Exercise requirements: Copy the records below exactly as they stand. Leave out the pictures.

☆ ☆ ☆

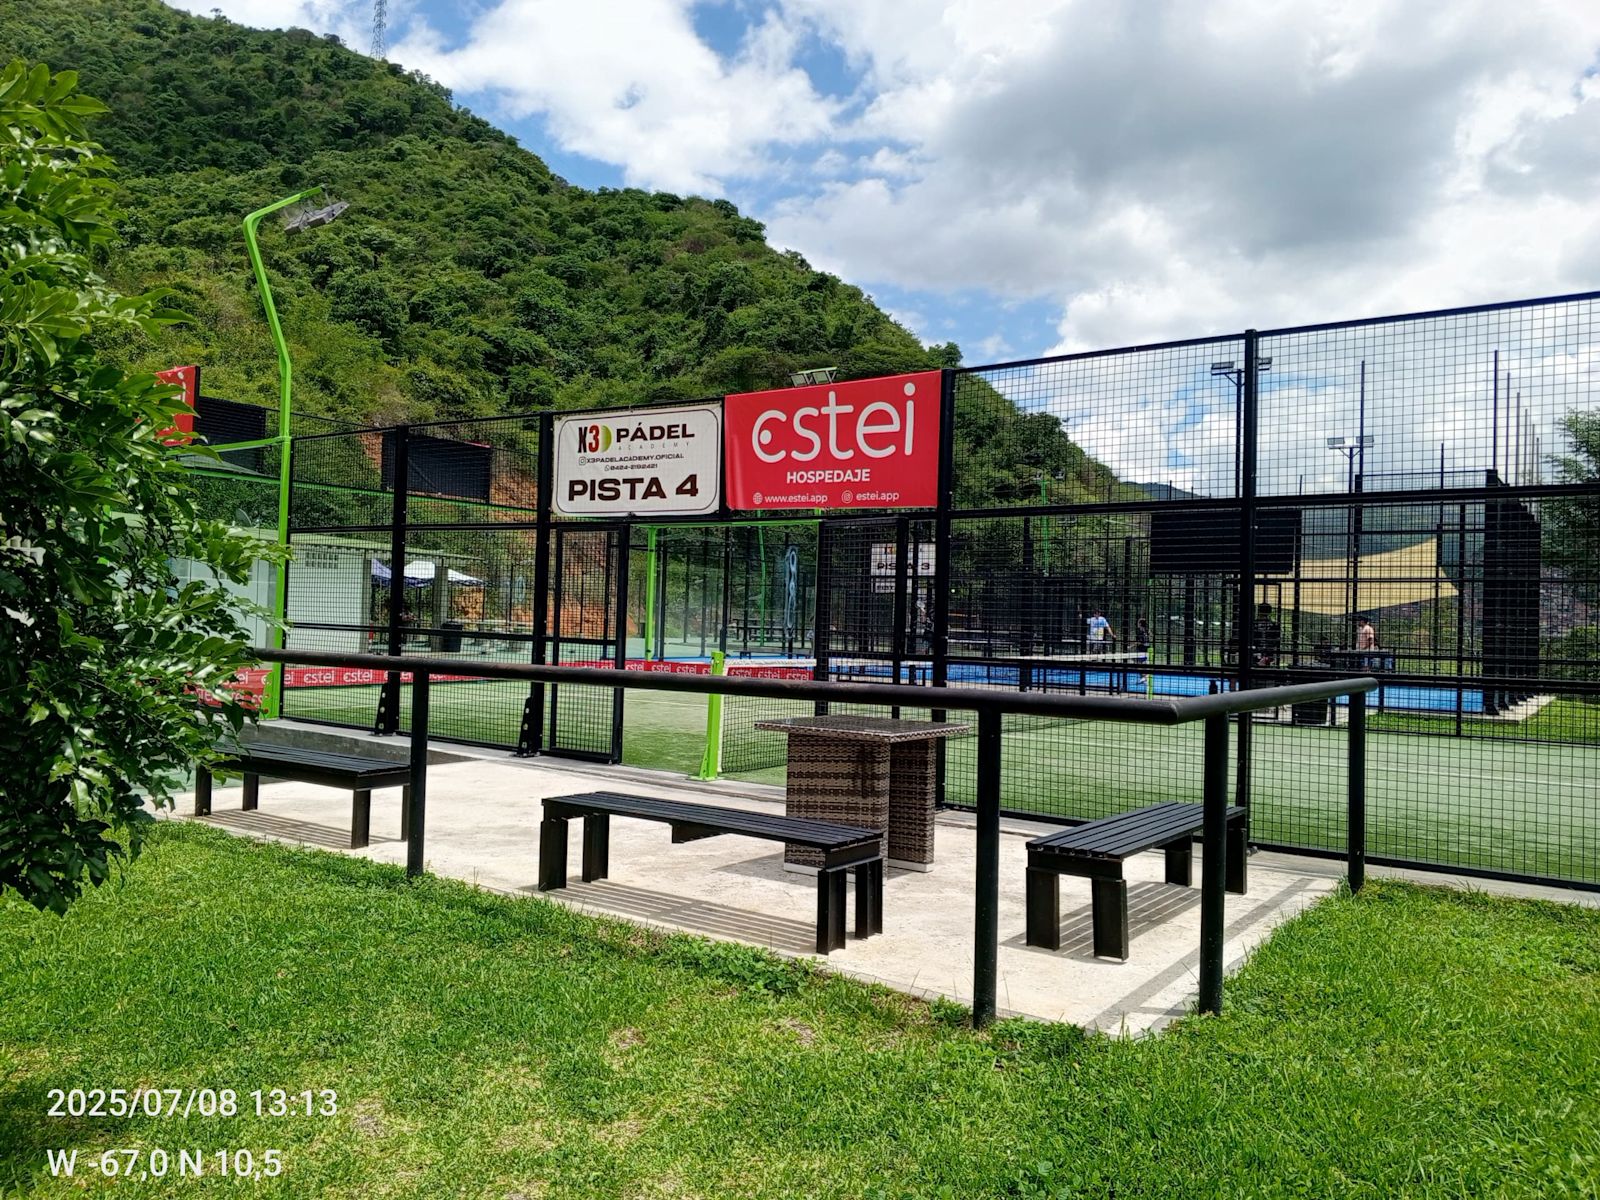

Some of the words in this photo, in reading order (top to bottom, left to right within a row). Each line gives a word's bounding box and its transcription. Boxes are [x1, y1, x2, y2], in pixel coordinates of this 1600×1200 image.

[751, 382, 916, 463] estei
[616, 422, 695, 443] PÁDEL
[786, 468, 871, 484] HOSPEDAJE
[568, 477, 667, 501] PISTA
[675, 474, 699, 497] 4
[764, 492, 828, 504] www.estei.app
[855, 490, 900, 502] estei.app
[651, 664, 671, 673] estei
[303, 670, 335, 684] estei
[343, 669, 373, 683] estei

☆ ☆ ☆

Response for this exercise:
Some of the words in this photo, in reading order (top to bottom, left to right within a row). Each line gives a word's bounding box and its transcription. Boxes are [x1, y1, x2, y2], in pixel coordinates of this 1600×1200 image.

[751, 382, 916, 463] estei
[616, 422, 695, 443] PÁDEL
[786, 468, 871, 484] HOSPEDAJE
[568, 477, 667, 501] PISTA
[675, 474, 699, 497] 4
[764, 492, 828, 504] www.estei.app
[855, 490, 900, 502] estei.app
[651, 664, 671, 673] estei
[303, 670, 335, 684] estei
[343, 669, 373, 683] estei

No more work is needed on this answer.